Sometimes, though, you don't want the request to be proxied. For example, when testing uploads and submissions, we don't want to have to upload the test file to the site itself. Instead, we upload it to the VM. Apache, instead of proxying the request immediately, checks to see if the file exists locally first and serves it from the VM filesystem if it does.
Hosting the VM on a Separate Domain
Originally, we edited our /etc/hosts file to point deviantart.com to the VM when we wanted to work with it. But doing so was quite a hassle, especially considering you had to switch browsers or use a cookie switching plugin to avoid cookie collisions. Also, it wasn't always clear if you were browsing the VM or the live site. So we decided to move the VM to its own domain: deviantart.lan.
deviantART is unusual in that it has millions of subdomains: 1 for each registered member, as well as a collection of reserved subdomains. Enumerating all the possible subdomains in /etc/hosts would be tedious and error prone. So instead, we setup an instance of tinydns on the VM to answer requests for *.deviantart.lan. Tinydns can be configured to then proxy DNS requests for domains it's not responsible for to another DNS server. Or, if you're using OS X you can create a file in /etc/resolver to tell OS X to pass any (and only) requests for deviantart.lan domains to the VM.
Avoiding Code Changes
Making the VM respond to deviantart.lan posed a new problem. All of our code was written with the assumption that we're responding to deviantart.com. We first tried removing all literal occurrances of the string "deviantart.com" from the code and replacing it with a constant/global variable reference (which could vary between the VM and production). But there were too many places in the code to change, and it would be easy to forget and commit a literal "deviantart.com" later.

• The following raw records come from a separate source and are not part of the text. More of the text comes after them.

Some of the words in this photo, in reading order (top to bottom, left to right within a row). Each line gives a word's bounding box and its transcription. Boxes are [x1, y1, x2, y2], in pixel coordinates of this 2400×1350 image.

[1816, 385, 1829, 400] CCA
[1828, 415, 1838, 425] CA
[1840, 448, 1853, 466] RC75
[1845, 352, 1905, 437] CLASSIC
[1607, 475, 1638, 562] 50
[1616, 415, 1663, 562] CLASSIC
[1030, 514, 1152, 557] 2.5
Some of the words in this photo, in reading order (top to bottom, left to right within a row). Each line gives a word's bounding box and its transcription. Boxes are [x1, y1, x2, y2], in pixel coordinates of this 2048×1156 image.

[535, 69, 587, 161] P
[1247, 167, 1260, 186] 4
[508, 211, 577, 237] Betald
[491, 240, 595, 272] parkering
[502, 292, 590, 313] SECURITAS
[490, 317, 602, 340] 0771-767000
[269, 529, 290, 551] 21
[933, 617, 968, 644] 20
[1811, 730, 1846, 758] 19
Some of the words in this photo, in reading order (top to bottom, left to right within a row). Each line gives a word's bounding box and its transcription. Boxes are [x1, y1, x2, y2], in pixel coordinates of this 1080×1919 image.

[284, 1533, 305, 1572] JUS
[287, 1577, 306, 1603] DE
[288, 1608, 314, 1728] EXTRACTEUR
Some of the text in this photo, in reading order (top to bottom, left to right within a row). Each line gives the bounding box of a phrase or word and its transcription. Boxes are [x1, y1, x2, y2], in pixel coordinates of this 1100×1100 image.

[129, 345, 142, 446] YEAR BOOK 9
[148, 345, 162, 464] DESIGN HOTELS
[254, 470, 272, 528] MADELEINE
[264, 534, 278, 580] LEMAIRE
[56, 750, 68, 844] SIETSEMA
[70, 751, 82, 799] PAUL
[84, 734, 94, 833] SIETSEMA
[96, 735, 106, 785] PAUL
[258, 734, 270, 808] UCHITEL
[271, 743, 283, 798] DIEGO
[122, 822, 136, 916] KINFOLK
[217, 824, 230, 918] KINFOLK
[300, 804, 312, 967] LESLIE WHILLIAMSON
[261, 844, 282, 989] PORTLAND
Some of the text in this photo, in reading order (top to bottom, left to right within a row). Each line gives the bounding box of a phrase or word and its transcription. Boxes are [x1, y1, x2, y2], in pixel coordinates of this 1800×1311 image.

We decided to move back to solve the problem: we'd translate the name at the HTTP level. We looked first at using an Apache directive or extension. Unfortunately, none handled rewriting both the body and the headers (necessary for catching cookies and redirects) in both directions. So we wrote a daemon: tcpbf.
tcpbf is our "TCP Bi-directional Filter". It's a simple program that allows us to make regexp-based replacements in the requests to and responses from the VM. For example, we change "deviantart.lan" to "deviantart.com" on the way in and vice versa on the way out. Additionally, we strip any Accept-Encoding header on requests to prevent the response coming back as gzipped data (which we couldn't do text replacement on).
This explains why we chose ".lan" as the new TLD for the virtual deviantART: keeping it to 3 letters keeps the Content-Length of the response correct. If we didn't, we'd have a mismatch that would break browsers that use chunked transfer encoding, like Chrome and IE.
To handle SSL traffic, we have 2 copies of stunnel running with tcpbf sitting between them. That way both the browser and Apache see SSL packets while tcpbf sees cleartext.
Getting to 100% Accurate Emulation
The VM isn't perfect. Sometimes it's missing data. Occassionally changes are made on production that aren't compatible with it. Sometimes we hit an edge case on the VM we wouldn't have hit on the productions servers due to a difference in resource limits, and vice versa. Luckily, the emulation doesn't have to be 100% accurate to produce benefits. The most important thing we did was make it good enough that developers wanted to use it. Ever since everyone has adopted it, it's been improving naturally over time.